Semangat belajar Hairul Anwar sebelum masuk SD telah
terlihat jelas dengan selalu bertanya kepada kedua kakaknya. Sikap baik ini
mendapat apresiasi luar biasa dari keluarga besarnya.
Pulang mengaji Hairul Anwar makan malam dulu. Setelah itu ia
mengerjakan tugas-tugas sekolah yang diberikan guru sembari mempersiapkan semua
peralatan sekolah untuk dibawa besok. Sering pula kakak-kakaknya memberikan
bimbingan kepadanya dengan menyodorkan soal-soal sebagai pengembangan mata
pelajaran. Begitulah kegiatannya setiap hari tanpa mengenal lelah. Karena hidup
mesti dijalani dengan langkah pasti dan tidak boleh berhenti sebab tantangan
baru akan bergulir ke hadapan setiap insan. Memanfaatkan waktu sebaik mungkin buat
kepentingan dirinya sendiri akan sangat membantu seseorang keluar dari kemelut
hidup.
Ia teringat kata–kata seorang guru di sekolahnya, tidak ada
ruginya bagi seseorang terlalu pintar. Seseorang yang pintar dalam hal
pelajaran sekolah memudahkan dirinya mencapai cita-cita. Maka dengan selalu
memaksakan diri mengasah otak, melatih mengerjakan soal-soal pelajaran, memperbanyak
membaca buku apa saja justru akan membuat seseorang menjadi lebih cerdas, lebih
mempunyai wawasan. Dan ia akan mempunyai power nalar handal yang menguntungkan
bagi kepribadiannya.
Hanya dengan modal belajar dan terus belajar maka ilmu apa
pun akan sangat mudah diserapnya. Dari haus membaca buku-buku pelajaran tentang
agama Islam dan pernak-pernik hukumnya, ilmu pengetahuan Hairul Anwar semakin
meniscaya. Kesenangannya membaca dan mempelajari berbagai dasar ilmu Islam
memupuk keimanannya begitu kokoh. Plus arahan syariat agama yang benar dari
para ustadz di madrasah dan musolla. Tertanam dan mengakar kuat di hatinya.

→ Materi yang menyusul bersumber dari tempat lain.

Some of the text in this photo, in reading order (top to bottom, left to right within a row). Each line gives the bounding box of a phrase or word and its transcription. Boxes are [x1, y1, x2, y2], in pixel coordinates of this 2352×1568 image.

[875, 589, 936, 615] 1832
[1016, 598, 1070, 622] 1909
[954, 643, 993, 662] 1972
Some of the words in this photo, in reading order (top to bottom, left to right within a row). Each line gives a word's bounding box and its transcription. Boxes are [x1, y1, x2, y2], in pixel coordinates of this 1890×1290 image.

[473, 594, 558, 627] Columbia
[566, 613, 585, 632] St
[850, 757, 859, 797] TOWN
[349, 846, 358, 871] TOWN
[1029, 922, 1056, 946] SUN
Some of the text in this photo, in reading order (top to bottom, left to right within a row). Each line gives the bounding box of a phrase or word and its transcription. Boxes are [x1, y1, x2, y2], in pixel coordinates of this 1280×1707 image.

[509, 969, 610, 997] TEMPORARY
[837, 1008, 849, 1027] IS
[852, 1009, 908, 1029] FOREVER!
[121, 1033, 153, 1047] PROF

Tidak mudah diombang-ambingkan situasi dan kondisi apa pun. Tidak gampang
terjebak pada suatu paham keliru dan menyesatkan, karena memiliki banyak kajian
keilmuan sebagai pembanding.
Orang tua Haitul Anwar seringkali mensupport untuk
mengutamakan belajar setiap malam. Sedangkan kedua kakaknya menuntun Hairul
Anwar apabila ada soal-soal mata pelajaran yang tidak mengerti. Sinergitas
mereka menyulapnya menjadi murid yang membanggakan bagi keluarganya.
Dimasa liburan sekolah, biasanya Hairul Anwar lebih banyak
di rumah membaca buku penunjang pelajaran, warisan kedua kakaknya. Hanya
sebentar kalaupun ia bermain lantaran harus menyegerakan shalat berjamaah di
masjid yang tidak jauh dari rumahnya.
Menurut cerita saudaranya, Hairul Anwar sangat suka
kebersihan. Ia mencuci sendiri semua pakaiannya dan menyetrikanya. Ia sering
menyapu dan mengumpulkan sampah pada tempatnya. Dalam berpakaian juga Hairul
Anwar sangat menjaga kerapian. Berpenampilan simpel adalah ciri khasnya.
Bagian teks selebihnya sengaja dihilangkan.